A título de exemplo, o tema do êxodo, bastante recorrente na poética (e na história) de Cabo Verde, que representa um programa em que um indivíduo busca como objeto-valor a sua sobrevivência, seria gerado a partir do par vida/morte, como em “Desesperança”, de Ovídio Martins (CL 9, p. 35), quando fala dos “Olhos cheios de secas / e de oceanos / Cheios de mornas / e de pouco milho”; no plano cultural, a afirmação da cabo-verdianidade coloca em prova a dicotomia natureza/cultura, já que representa, na realidade histórica das ilhas, o conflito da afirmação de uma

cultura transplantada sobre ilhas desabitadas por seres humanos, como se pode perceber em “Metamorfose”, de Aguinaldo Brito Fonseca (CL 5, p. 17), quando lembra os primeiros momentos da ocupação de Cabo Verde: “Aquilo não era do homem: / era o fim da terra ou o princípio do céu. // Mas um dia, o homem chegou / cheio de vida, cheio de força, cheio de fé...” Na pintura, um quadro como “Chegada animada”, de Kiki Lima, tanto poderia ser visto segundo a dicotomia vida/morte como pela dicotomia natureza/cultura. No primeiro caso, percebe-se a afirmação da vida, figurativizada semissimbolicamente na representação do alegre reencontro da família, que, no nível da manifestação (plano de expressão), recebe as cores quentes do quadro; no segundo, percebe-se a negação da natureza, relacionada, no nível expressivo, com as tonalidades frias de matizes azulados da metade esquerda do quadro, representativas do exílio, da distância e do mar, ao passo que as cores quentes do amarelo e do púrpura da direita da composição são afirmadas, e essa euforia do pequeno grupo de personagens configura, metonimicamente, a vitória da cabo-verdianidade como fenômeno de enraizamento cultural:

Figura 1 – “Chegada animada” (1998) (LIMA, 2003, p. 64).

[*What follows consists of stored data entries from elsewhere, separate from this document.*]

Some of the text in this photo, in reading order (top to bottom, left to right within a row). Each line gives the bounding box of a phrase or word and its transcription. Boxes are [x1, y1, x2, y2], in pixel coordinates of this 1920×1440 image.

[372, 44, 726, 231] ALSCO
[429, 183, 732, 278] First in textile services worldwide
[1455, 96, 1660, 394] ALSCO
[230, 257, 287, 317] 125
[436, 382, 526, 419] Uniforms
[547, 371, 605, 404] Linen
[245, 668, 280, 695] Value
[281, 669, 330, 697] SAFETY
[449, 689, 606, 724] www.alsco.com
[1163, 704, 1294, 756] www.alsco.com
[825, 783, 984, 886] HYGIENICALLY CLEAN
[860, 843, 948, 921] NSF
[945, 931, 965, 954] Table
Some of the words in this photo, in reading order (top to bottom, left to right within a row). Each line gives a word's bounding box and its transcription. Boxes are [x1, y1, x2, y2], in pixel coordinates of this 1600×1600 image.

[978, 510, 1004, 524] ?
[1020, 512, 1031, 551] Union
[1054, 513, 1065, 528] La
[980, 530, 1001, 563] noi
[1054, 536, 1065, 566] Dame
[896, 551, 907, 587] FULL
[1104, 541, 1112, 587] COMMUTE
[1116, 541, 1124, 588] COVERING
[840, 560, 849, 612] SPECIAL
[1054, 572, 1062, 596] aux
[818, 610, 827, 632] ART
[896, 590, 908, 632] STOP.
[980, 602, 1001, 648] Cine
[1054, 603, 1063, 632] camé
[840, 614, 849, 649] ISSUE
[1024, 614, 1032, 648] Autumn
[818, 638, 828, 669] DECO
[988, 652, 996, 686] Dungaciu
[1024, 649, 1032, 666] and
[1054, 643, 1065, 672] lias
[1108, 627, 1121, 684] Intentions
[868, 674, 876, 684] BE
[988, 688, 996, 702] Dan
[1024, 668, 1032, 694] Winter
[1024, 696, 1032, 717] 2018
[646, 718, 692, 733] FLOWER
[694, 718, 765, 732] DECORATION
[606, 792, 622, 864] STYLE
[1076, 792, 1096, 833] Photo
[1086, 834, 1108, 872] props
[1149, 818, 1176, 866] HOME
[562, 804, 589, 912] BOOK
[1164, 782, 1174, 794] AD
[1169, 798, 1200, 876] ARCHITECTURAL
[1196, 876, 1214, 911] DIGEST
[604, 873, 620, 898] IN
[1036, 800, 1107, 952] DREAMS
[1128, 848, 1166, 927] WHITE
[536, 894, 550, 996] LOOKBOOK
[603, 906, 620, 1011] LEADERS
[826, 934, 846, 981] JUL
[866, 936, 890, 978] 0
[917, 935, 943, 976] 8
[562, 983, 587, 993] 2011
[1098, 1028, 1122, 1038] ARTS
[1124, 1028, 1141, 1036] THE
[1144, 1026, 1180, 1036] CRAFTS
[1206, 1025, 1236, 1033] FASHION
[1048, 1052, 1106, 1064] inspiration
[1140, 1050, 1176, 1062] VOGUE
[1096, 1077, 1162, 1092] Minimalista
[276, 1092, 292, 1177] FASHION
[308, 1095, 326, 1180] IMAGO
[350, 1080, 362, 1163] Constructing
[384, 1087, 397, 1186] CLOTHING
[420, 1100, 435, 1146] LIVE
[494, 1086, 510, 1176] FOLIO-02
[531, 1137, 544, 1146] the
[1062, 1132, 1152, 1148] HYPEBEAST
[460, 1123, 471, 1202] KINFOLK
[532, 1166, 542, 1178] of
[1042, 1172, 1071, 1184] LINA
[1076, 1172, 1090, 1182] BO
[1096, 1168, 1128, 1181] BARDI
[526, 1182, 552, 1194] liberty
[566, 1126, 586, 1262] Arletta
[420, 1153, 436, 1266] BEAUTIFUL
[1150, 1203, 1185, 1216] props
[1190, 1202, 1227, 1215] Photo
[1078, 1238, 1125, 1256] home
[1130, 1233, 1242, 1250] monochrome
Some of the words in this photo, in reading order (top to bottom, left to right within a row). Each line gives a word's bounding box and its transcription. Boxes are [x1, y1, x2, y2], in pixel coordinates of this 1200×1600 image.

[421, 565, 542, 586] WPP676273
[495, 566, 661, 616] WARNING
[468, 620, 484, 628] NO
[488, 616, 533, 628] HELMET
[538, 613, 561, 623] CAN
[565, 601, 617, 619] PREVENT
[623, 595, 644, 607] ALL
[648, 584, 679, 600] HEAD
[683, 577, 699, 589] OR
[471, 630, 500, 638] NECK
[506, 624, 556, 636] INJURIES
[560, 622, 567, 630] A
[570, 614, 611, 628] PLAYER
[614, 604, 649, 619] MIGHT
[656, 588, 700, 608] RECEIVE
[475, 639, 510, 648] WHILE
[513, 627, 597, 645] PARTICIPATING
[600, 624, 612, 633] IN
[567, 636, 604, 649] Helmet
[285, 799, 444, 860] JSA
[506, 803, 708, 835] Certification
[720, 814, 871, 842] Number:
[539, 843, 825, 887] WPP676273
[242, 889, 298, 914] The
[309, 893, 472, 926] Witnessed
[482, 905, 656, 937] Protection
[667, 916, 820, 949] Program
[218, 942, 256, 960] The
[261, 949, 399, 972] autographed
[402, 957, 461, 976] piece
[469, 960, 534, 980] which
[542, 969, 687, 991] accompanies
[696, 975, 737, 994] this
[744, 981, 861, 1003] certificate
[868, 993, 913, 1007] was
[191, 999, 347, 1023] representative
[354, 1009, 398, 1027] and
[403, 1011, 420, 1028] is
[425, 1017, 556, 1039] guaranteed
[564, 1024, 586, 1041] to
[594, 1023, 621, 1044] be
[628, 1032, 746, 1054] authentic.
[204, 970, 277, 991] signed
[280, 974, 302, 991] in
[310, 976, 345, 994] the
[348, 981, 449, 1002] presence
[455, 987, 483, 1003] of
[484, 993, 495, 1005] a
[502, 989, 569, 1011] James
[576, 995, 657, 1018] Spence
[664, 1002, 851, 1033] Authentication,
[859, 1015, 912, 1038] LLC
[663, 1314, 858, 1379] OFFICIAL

No plano figurativo ou expressivo, operam categorias tímicas: euforia, disforia e aforia (GREIMAS; COURTÉS, pp. 462-3). No quadro “Chegada animada”, as cores quentes e o lado direito da composição são euforizados; já o lado de onde vem a personagem que regressa passa por uma disforia, fato relacionado com o uso da cor azul da roupa da personagem e do plano de fundo que a

cerca. Em sua narrativa, o quadro representa a negação da condição de emigrado e a conjunção (GREIMAS; COURTÉS, p. 76) com o objeto perdido: a família cabo-verdiana e a terra natal.